All lines from the one containing "this 1600×1200 image." through the final line of the listing below are to be retyped exactly; nothing else goes in the result.

Listed entries Block Start

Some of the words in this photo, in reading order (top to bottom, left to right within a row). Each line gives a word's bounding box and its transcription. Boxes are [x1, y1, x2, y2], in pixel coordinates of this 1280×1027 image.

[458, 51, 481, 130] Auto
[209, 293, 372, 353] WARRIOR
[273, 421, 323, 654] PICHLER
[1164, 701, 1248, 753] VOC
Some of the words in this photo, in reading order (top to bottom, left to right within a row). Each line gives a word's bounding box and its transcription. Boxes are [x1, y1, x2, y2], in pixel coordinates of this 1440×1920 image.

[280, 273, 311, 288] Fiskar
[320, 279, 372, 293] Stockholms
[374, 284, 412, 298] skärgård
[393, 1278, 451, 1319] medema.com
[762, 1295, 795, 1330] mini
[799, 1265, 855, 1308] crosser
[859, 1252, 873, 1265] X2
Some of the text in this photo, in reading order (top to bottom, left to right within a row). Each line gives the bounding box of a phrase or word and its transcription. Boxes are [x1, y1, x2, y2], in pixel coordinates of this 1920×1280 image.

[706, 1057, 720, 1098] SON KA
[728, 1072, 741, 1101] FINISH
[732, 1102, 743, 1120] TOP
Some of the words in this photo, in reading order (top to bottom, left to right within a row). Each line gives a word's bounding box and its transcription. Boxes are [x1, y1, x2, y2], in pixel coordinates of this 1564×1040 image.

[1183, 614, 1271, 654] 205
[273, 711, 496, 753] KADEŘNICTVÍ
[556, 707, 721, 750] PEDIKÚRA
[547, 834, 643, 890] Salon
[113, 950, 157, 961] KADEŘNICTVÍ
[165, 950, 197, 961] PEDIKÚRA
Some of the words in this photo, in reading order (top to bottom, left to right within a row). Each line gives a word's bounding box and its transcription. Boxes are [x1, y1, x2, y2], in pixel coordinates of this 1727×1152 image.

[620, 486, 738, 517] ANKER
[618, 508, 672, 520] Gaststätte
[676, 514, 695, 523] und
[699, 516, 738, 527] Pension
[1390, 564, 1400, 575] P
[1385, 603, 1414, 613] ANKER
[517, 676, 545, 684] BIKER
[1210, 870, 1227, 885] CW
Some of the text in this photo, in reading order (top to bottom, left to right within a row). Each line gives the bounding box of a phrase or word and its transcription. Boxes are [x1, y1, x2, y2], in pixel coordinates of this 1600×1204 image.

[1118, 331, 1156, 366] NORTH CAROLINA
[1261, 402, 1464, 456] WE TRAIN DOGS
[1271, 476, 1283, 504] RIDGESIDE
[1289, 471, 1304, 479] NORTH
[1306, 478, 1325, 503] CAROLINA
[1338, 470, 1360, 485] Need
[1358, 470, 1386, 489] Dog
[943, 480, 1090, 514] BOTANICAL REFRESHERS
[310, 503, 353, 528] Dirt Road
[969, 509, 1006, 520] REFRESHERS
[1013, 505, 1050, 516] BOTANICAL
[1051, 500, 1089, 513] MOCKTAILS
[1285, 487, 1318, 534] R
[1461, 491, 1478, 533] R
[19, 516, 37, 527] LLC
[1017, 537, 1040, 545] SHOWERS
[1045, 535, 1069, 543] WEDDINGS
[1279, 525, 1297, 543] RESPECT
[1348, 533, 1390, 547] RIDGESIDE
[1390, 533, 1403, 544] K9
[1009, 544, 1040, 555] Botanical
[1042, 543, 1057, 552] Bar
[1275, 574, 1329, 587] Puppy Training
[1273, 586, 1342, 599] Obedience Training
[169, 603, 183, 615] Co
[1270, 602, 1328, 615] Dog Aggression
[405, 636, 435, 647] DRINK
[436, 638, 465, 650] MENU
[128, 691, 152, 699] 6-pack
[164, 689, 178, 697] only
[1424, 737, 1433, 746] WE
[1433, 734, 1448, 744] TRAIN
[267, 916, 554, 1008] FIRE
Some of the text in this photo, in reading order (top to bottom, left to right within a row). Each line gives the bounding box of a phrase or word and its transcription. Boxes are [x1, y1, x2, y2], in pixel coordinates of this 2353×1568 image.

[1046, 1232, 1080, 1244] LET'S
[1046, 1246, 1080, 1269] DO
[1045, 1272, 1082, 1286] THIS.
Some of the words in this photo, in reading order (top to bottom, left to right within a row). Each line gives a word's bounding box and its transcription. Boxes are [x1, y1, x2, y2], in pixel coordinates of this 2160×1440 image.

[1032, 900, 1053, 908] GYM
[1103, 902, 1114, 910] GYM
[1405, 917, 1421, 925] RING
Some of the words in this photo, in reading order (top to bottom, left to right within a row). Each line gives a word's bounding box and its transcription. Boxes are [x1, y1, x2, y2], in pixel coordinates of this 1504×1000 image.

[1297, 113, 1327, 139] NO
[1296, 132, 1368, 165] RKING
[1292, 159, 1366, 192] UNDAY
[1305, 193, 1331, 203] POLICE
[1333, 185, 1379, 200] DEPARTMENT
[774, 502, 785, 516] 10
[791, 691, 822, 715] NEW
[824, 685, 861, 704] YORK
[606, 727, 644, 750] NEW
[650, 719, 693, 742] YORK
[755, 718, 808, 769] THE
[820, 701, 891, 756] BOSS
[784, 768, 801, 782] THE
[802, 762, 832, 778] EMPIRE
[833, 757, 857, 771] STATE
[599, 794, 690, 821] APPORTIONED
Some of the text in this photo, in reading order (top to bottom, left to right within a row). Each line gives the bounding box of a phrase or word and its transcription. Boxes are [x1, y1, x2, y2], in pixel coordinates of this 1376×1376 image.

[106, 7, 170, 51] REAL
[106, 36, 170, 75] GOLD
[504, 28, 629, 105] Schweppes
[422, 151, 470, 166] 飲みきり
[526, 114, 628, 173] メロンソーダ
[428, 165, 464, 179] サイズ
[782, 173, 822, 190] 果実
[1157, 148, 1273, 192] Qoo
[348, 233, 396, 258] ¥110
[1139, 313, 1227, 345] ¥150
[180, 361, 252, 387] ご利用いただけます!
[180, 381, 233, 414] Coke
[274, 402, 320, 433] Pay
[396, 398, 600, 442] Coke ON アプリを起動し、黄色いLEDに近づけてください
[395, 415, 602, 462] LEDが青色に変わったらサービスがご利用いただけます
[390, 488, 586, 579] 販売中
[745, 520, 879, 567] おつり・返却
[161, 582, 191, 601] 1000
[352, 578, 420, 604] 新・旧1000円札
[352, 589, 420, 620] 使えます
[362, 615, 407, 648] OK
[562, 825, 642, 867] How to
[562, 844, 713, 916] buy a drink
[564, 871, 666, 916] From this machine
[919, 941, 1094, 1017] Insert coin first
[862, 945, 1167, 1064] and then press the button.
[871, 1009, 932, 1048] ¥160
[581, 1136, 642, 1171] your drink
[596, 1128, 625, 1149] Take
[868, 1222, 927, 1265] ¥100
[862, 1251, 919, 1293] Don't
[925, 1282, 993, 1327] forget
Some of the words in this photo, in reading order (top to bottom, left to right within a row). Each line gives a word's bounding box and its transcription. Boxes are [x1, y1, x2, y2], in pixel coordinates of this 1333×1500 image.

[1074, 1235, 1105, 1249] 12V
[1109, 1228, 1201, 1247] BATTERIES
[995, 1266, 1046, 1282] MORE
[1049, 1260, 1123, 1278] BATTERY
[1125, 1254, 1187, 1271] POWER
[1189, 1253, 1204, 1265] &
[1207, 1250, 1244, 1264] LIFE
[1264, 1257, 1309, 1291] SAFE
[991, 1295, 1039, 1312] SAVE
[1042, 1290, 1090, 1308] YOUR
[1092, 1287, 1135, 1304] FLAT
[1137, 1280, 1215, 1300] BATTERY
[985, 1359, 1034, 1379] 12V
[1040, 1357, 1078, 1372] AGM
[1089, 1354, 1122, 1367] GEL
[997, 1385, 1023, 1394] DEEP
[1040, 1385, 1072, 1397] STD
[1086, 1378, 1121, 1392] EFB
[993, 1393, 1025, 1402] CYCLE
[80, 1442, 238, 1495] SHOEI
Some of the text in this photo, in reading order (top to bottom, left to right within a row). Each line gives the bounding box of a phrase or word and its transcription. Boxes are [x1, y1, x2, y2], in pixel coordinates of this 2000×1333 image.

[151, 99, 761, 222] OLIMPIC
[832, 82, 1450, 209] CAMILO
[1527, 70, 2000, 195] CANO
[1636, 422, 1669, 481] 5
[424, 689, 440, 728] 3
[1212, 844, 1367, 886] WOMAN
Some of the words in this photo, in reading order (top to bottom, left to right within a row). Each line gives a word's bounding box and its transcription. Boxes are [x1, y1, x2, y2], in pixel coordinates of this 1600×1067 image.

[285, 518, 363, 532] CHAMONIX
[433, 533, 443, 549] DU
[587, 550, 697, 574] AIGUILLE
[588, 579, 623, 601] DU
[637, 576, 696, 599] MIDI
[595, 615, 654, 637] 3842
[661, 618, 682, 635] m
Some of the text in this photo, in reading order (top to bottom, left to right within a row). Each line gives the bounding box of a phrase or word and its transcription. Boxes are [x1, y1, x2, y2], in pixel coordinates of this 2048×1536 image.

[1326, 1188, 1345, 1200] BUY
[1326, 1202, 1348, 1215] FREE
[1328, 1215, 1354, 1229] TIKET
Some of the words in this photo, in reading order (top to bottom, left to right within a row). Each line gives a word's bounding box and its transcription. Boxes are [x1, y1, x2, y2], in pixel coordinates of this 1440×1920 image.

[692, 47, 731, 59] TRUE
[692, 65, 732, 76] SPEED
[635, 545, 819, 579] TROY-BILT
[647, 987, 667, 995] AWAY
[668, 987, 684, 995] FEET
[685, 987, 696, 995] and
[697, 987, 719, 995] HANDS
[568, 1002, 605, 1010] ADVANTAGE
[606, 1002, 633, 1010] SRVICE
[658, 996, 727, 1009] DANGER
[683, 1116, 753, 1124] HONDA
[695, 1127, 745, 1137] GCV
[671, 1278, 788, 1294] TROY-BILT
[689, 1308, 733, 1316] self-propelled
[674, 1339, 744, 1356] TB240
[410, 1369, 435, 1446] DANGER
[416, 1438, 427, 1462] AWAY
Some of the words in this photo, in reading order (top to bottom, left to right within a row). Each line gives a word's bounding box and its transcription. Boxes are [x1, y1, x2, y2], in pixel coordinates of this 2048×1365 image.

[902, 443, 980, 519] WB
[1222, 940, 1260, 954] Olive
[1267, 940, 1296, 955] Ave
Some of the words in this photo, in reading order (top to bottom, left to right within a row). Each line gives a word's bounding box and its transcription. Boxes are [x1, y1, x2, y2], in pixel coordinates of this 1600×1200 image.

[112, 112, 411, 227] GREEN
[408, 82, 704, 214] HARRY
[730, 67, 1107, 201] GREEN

Listed entries Block End

### Answer to this task
Some of the words in this photo, in reading order (top to bottom, left to right within a row). Each line gives a word's bounding box and its transcription. Boxes are [x1, y1, x2, y2], in pixel coordinates of this 1600×1200 image.

[112, 112, 411, 227] GREEN
[408, 82, 704, 214] HARRY
[730, 67, 1107, 201] GREEN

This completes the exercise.